Mes propres étudiants semblent saisir tout de suite le rapport. Mais j’ai été stupéfait par le nombre de gens récemment rencontrés qui prétendent ne pas voir le rapport, même quand ils ont fait des études supérieures. Ils disent que nous parlons de deux choses différentes, que l’esclavage n’a rien à voir avec l’avortement.
Dans l’argumentation sur la vie homosexuelle, l’incompréhension s’accroît, teintée de colère. J’ai relevé que même des activistes gays considèrent certaines « orientations sexuelles » comme illégitimes. Ils contestent la participation aux Gay Prides de l’association Man-Boy Love (NDT : association qui prône la sexualité avec de jeunes garçons). Ils peuvent aussi émettre des réserves quant au plaisir sexuel atteint par zoophilie ou par asphyxie.
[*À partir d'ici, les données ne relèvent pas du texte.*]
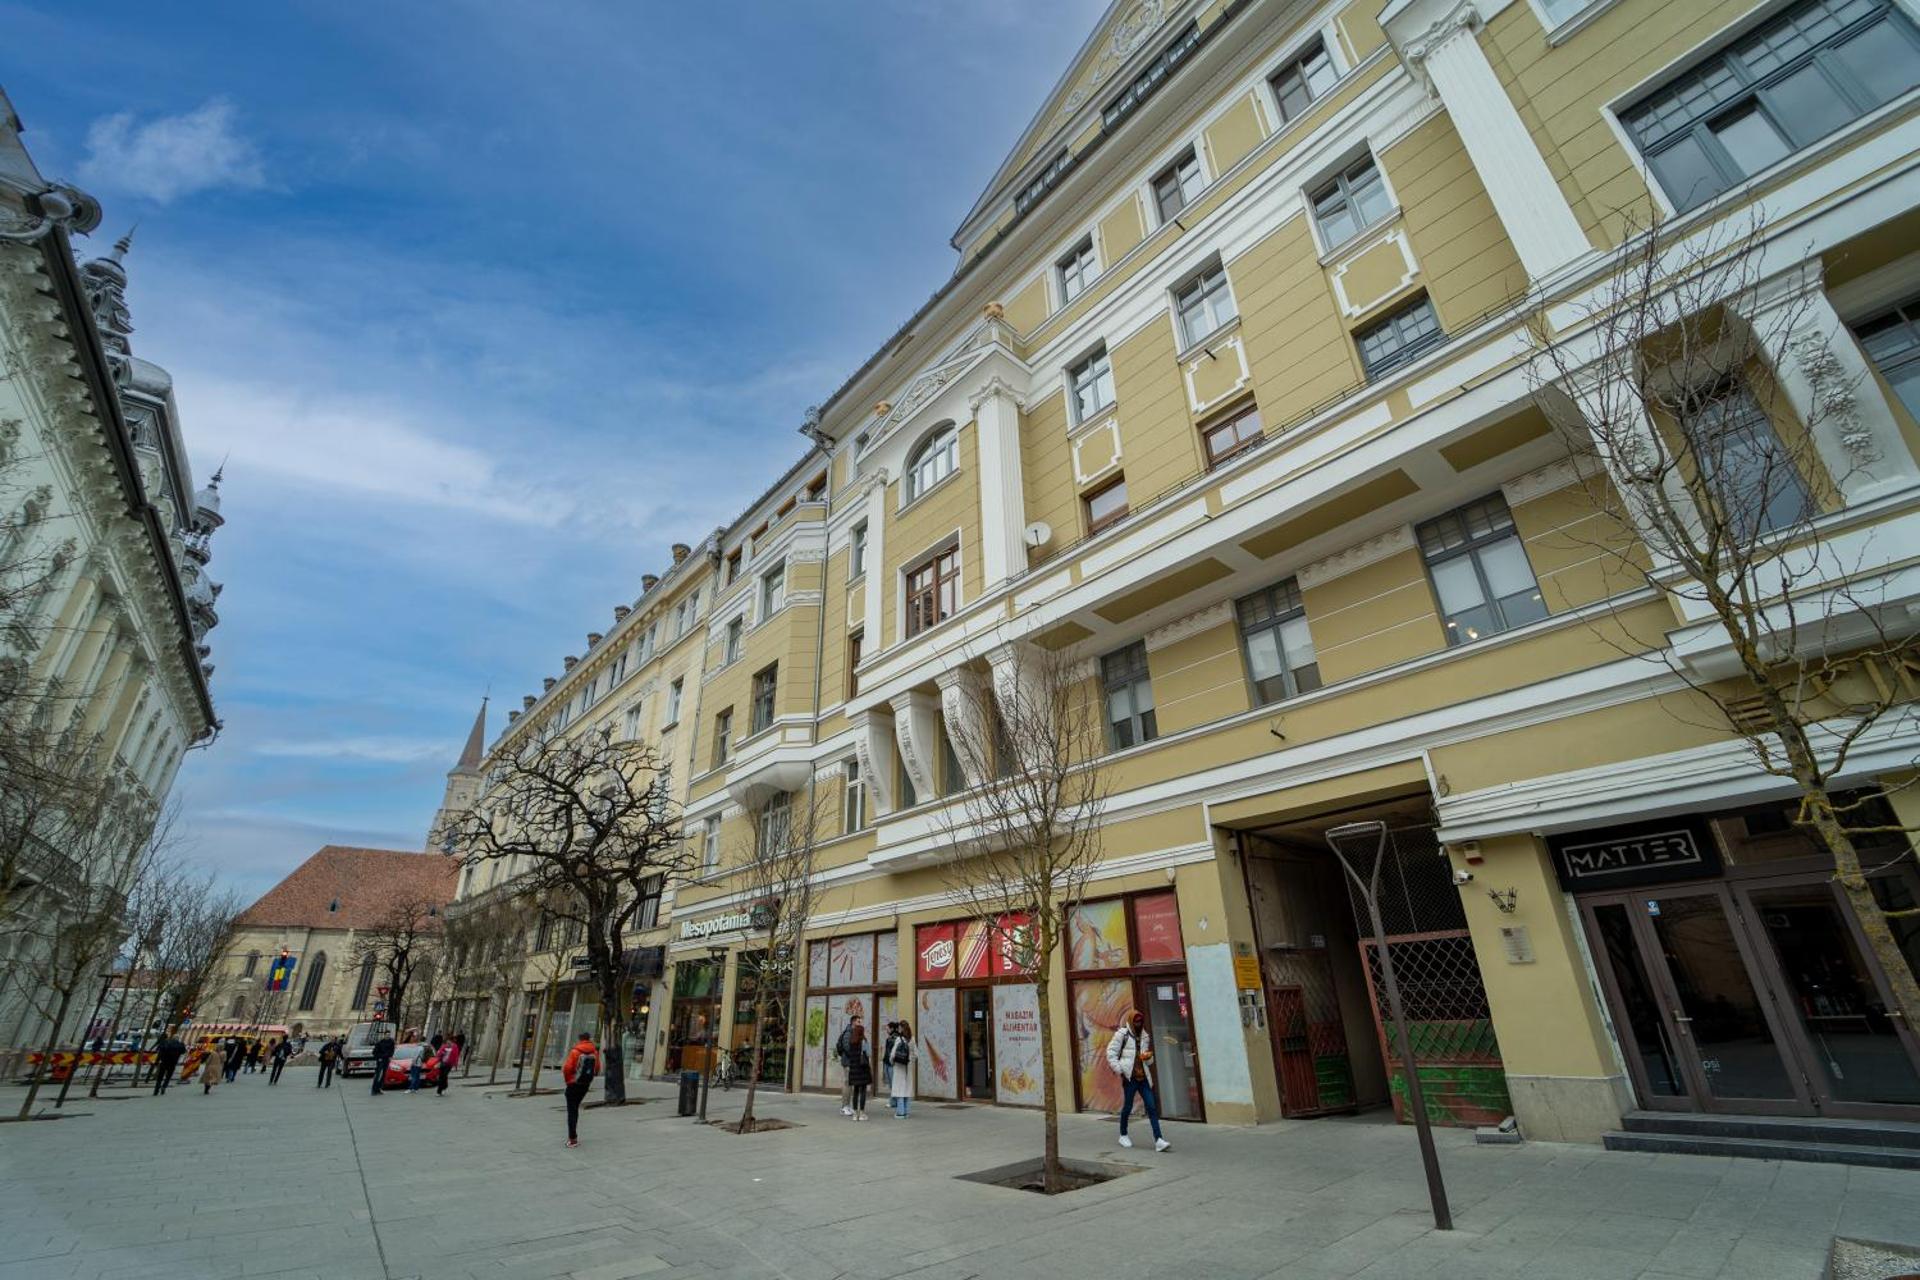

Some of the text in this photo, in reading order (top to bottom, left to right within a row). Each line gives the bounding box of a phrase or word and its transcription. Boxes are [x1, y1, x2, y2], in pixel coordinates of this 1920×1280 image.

[1570, 838, 1691, 869] MATTER
[681, 912, 751, 939] Mesopotamia
[1005, 1010, 1034, 1020] MAGAZIN
Ils peuvent alors douter, tout comme nous, du bien-fondé de confier des enfants en adoption à des gens soumis à ces « orientations ».
Alors, comment pouvons-nous justifier les lois qui, faisant table rase, voudraient bannir toute discrimination basée sur « l’orientation sexuelle » ? Et déjà quelques diplômés de ma faculté, des hommes dans la soixantaine, m’ont accusé de dire que pratiquer l’homosexualité équivaut à pratiquer la zoophilie. Ou que je traitais les deux comme analogues.
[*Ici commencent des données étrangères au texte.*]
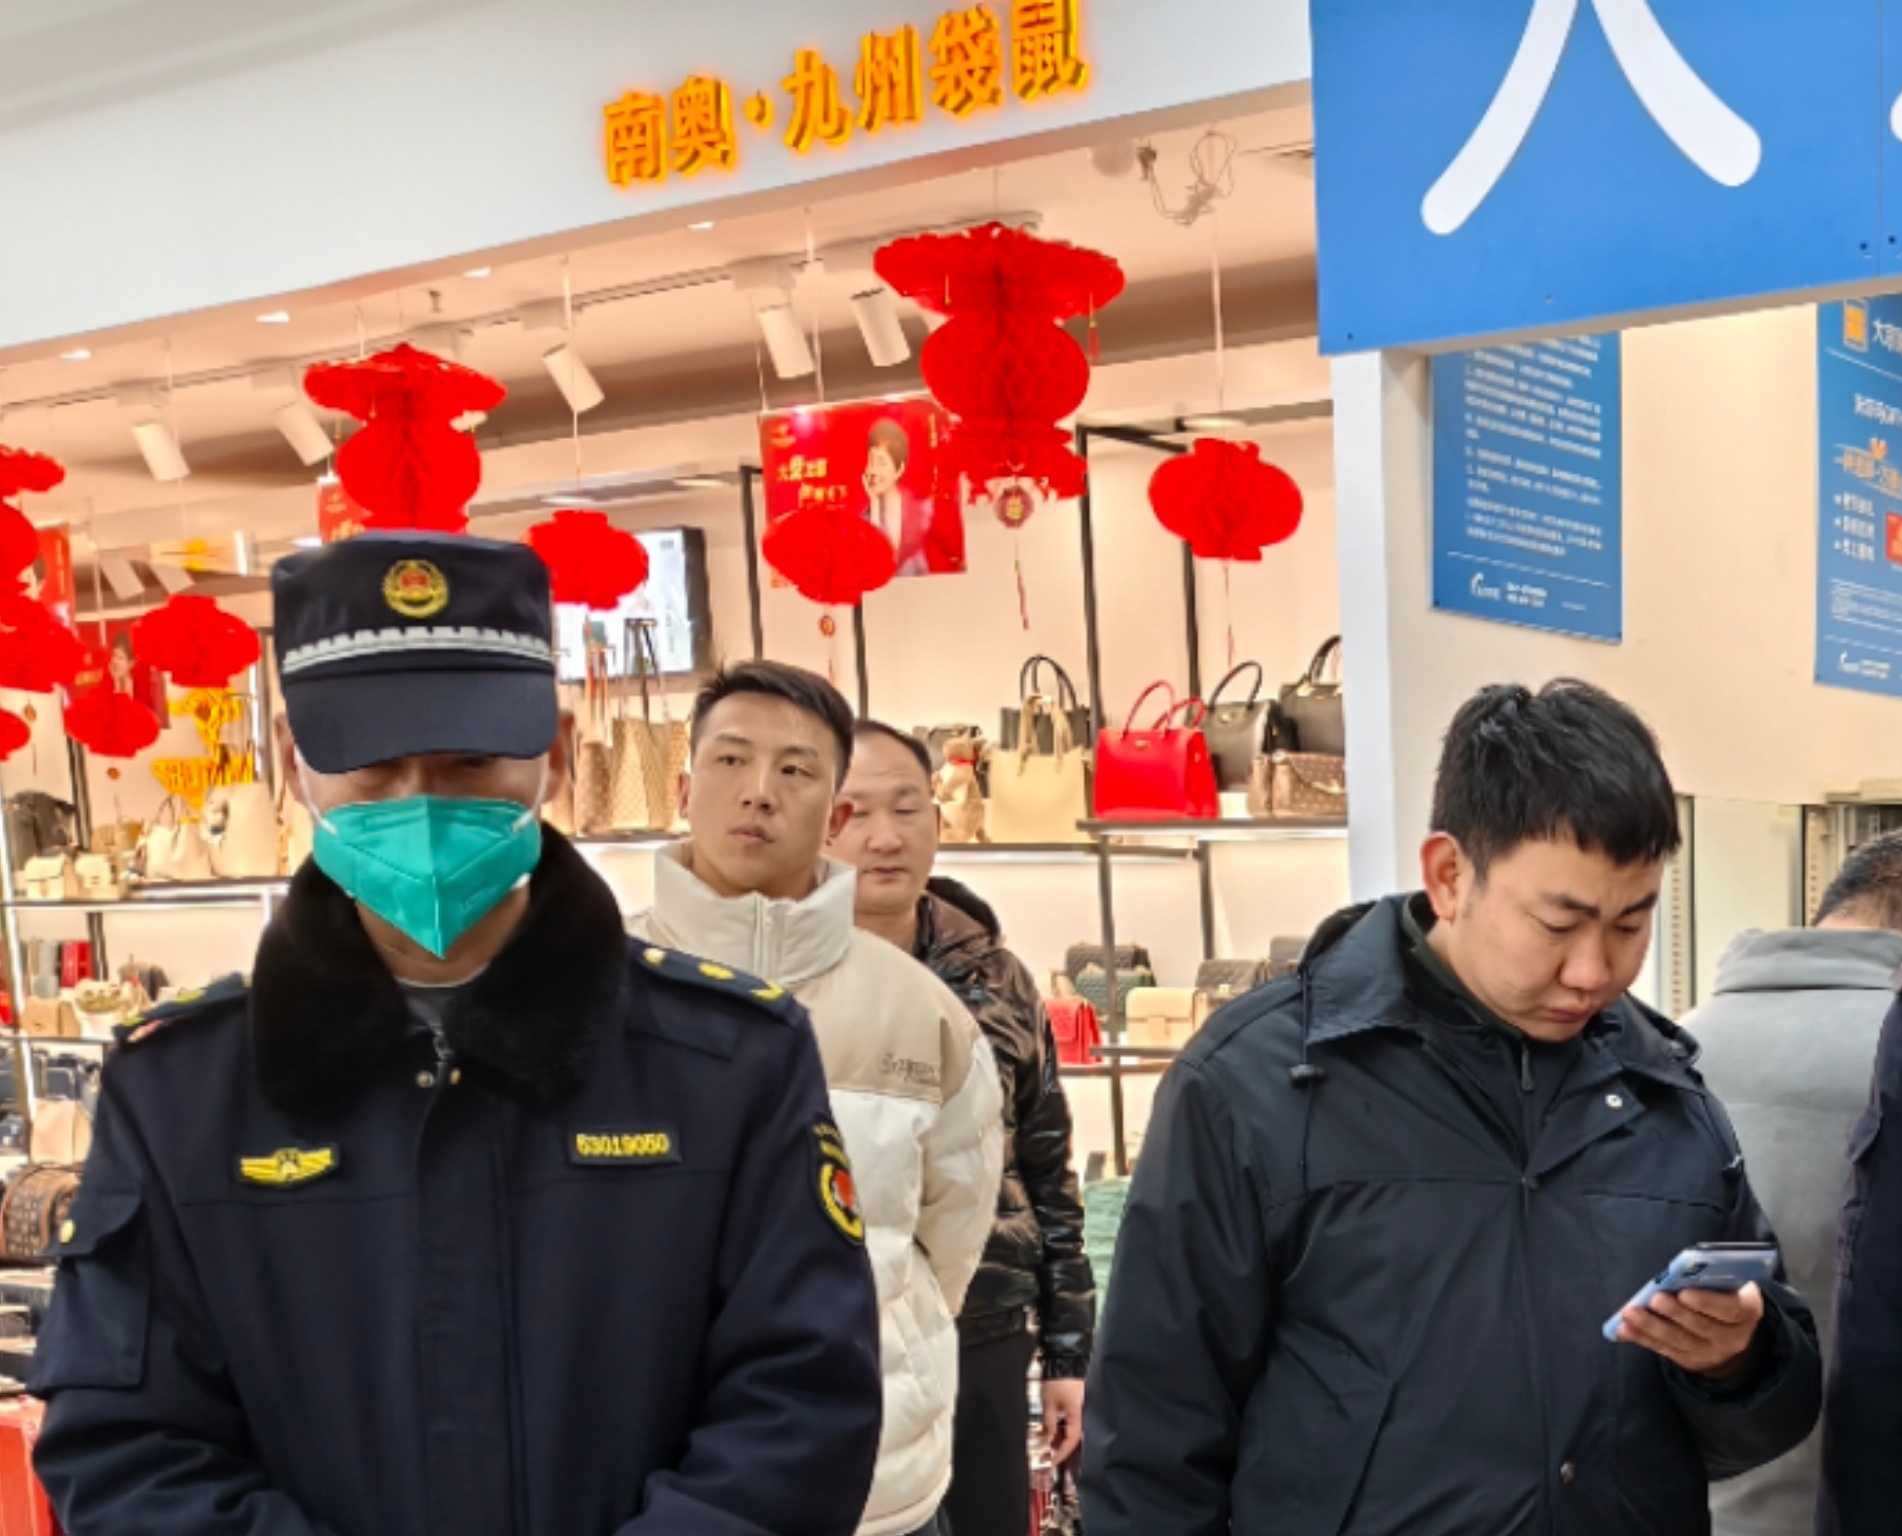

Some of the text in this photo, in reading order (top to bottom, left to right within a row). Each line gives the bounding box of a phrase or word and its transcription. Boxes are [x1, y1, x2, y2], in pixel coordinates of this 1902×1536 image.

[603, 0, 1090, 187] 南奥·九州袋鼠
Mais non, je ne suggère aucune analogie. Si je présentais la proposition que les gens « devraient être libres de faire tout ce qu’ils veulent », cette proposition engloberait le droit à l’homicide et au plagiat. Nous ne dirions pas pour autant que le meurtre est équivalent ou analogue au plagiat.
Un de mes commentateurs préférés, Charles Krauthammer, a fait récemment une remarque sur les avortements tardifs, qui devraient être interdits parce que l’on peut désormais voir le bébé par échographie. Mais cela mis à part, il n’a relevé aucun bon sens de quelque importance dans notre politique sur un sujet qui implique le meurtre de plus d’un million de petits humains innocents chaque année dans notre pays.
Mais Krauthammer ne peut sûrement pas penser qu’un grand sexagénaire est plus humain qu’un petit foetus ; non plus qu’il ne doit croire que le meurtre d’un sexagénaire est plus gravement homicide que le meurtre d’un enfant de deux ans.
Quelque chose s’est-il passé alors que j’avais le dos tourné ? Quelque chose qui a touché maintenant jusqu’à nos « grands esprits » ? Nous entendons beaucoup parler ces temps derniers de « polarisation » de nos politiques. Mais la polarisation la plus accentuée peut impliquer la division, dans les deux camps, et être marquée par une profonde érosion des qualités d’esprit des gens qui vont alimenter notre « classe politique ».
— –
Hadley Arkes est professeur de jurisprudence à Amherst College. Il est aussi le fondateur et le directeur de l’institut James Wilson sur les droits naturels et la fondation américaine.